Most architects and interior designers have become cautiously curious about how AI can benefit our work. It's a valid question in which the response is not yet 100% known. Incorporating AI can greatly affect our work, potentially offering unlimited creative potential, enhancing our designs and implementation techniques.
This can be exciting yet scary for some, what we do know so far is that AI can provide a broader set of tools that can be utilized for work efficiency and creativity.
AI tools are expected to revolutionize our workflows, introducing new tasks and responsibilities such as AI management. This will represent a significant shift in the way we operate, similar to how Revit and 3D software changed workflows.
Real-time data collection and interpretation using AI in the form of sensors and smart devices, can help us create solutions that optimize operational efficiency. This data can be used to make automatic adjustments to lighting, temperature, and ventilation, resulting in energy savings and preventing system failures and planning errors.

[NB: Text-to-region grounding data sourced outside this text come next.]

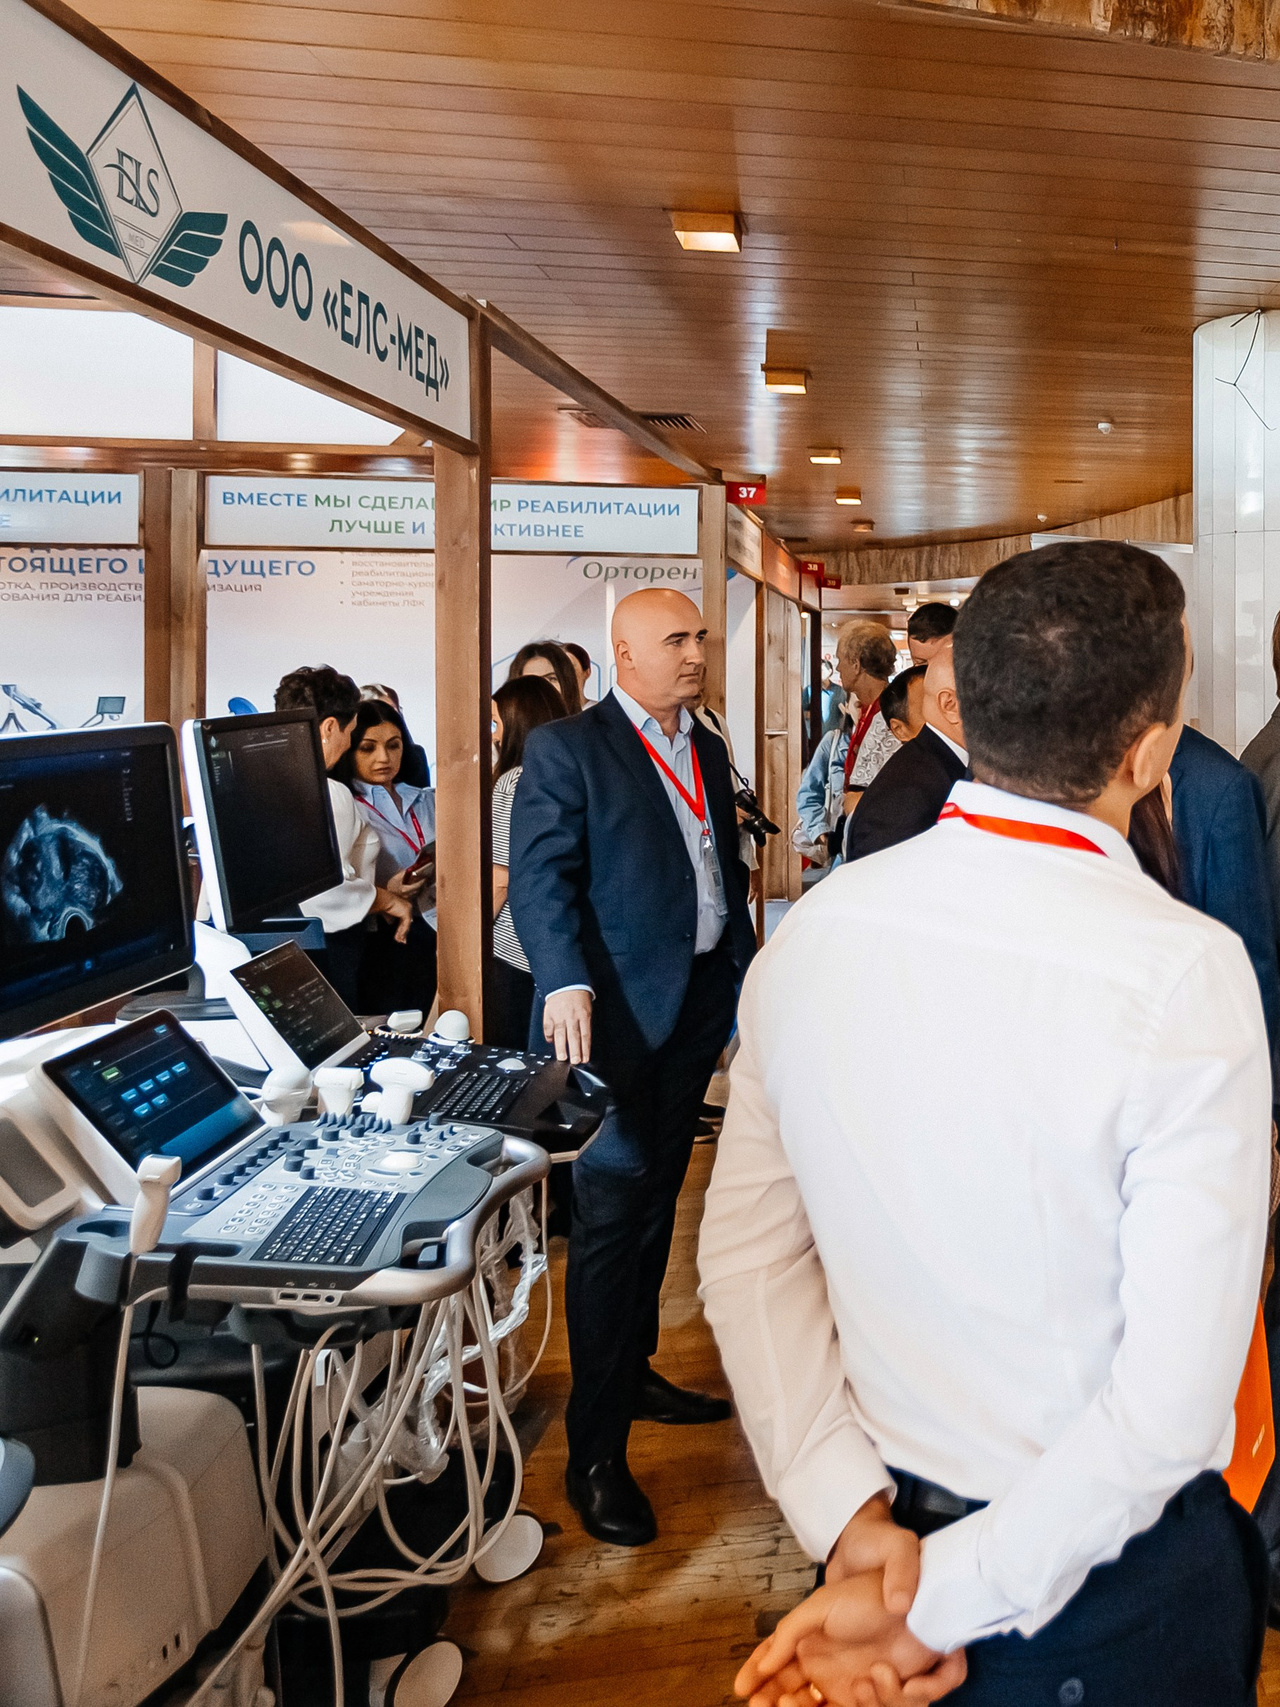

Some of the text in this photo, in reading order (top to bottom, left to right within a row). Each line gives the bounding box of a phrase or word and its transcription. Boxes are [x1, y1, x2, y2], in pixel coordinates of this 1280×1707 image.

[239, 220, 449, 402] ООО «ЕЛС-МЕД»
[739, 487, 756, 498] 37
[222, 491, 308, 508] ВМЕСТЕ
[314, 493, 351, 509] МЫ
[517, 499, 681, 518] РЕАБИЛИТАЦИИ
[329, 518, 405, 535] ЛУЧШЕ
[412, 521, 425, 535] И
[807, 563, 818, 571] 38
[63, 593, 96, 603] ДЛЯ

Over the last year, many tech companies have introduced software that utilizes AI systems known as neural networks to transform text inputs from users into computer-generated images. These bots have generated a lot of buzz due to their ability to create hyper-realistic images, including imaginary buildings. This has sparked conversations about the potential impact these programs could have on the fields of architecture and design.
However, text-to-image technology faces a major obstacle in terms of bias, which stems from their reliance on pre-existing images to generate new visualizations. It's worth noting that certain architectural styles are over-represented, and there is a preference for digitally created images over real photography. The software needs to have enough data to properly represent architectural ideas to surpass the human tendency for creativity.
To combat a bias in imagery - image to image processing has been considered which would still require human visualization and then be embellished by AI, breaking barriers for new ways of imagining the future. So, for those amongst that may be skeptical about opening their offices up to AI, maybe starting out with a collaboration would be a good way to prepare for the future of this daunting technology.
Until the day comes when AI starts winning significant design awards and competitions, I don’t think we need to worry about the technology taking our well-earned jobs. However, keeping up with AI training and trends will give designers a competitive edge when AI becomes more common practise. For now, let it be your creative partner.